TASK TO COMPLETE: The listing must be copied out in full and exactly; no images go with it.

Content starts

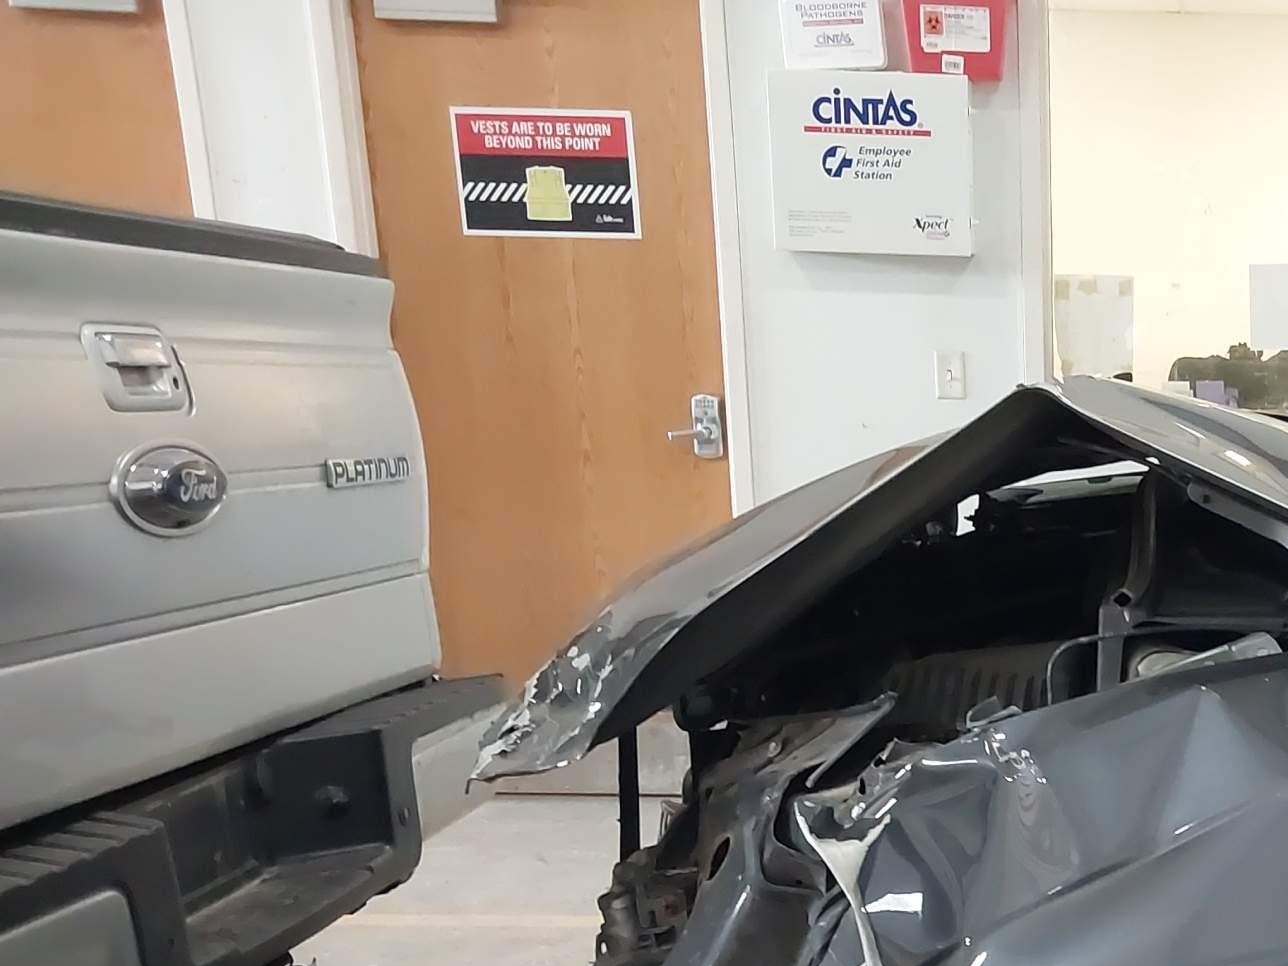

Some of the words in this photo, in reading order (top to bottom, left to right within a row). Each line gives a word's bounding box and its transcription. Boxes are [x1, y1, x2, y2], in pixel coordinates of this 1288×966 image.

[795, 2, 867, 12] BLOODBORNE
[801, 10, 864, 19] PATHOGENS
[812, 87, 918, 127] CINTAS
[471, 120, 508, 135] VESTS
[511, 121, 536, 136] ARE
[537, 122, 553, 136] TO
[556, 122, 571, 136] BE
[574, 122, 611, 137] WORN
[484, 135, 533, 149] BEYOND
[535, 136, 563, 150] THIS
[565, 137, 601, 151] POINT
[858, 146, 912, 157] Employee
[856, 159, 880, 168] First
[882, 159, 902, 168] Aid
[853, 170, 893, 180] Station
[913, 217, 950, 233] Xpect
[332, 456, 410, 484] PLATINUM
[179, 467, 217, 503] Ford

Content ends

SOLUTION BELOW:
Some of the words in this photo, in reading order (top to bottom, left to right within a row). Each line gives a word's bounding box and its transcription. Boxes are [x1, y1, x2, y2], in pixel coordinates of this 1288×966 image.

[795, 2, 867, 12] BLOODBORNE
[801, 10, 864, 19] PATHOGENS
[812, 87, 918, 127] CINTAS
[471, 120, 508, 135] VESTS
[511, 121, 536, 136] ARE
[537, 122, 553, 136] TO
[556, 122, 571, 136] BE
[574, 122, 611, 137] WORN
[484, 135, 533, 149] BEYOND
[535, 136, 563, 150] THIS
[565, 137, 601, 151] POINT
[858, 146, 912, 157] Employee
[856, 159, 880, 168] First
[882, 159, 902, 168] Aid
[853, 170, 893, 180] Station
[913, 217, 950, 233] Xpect
[332, 456, 410, 484] PLATINUM
[179, 467, 217, 503] Ford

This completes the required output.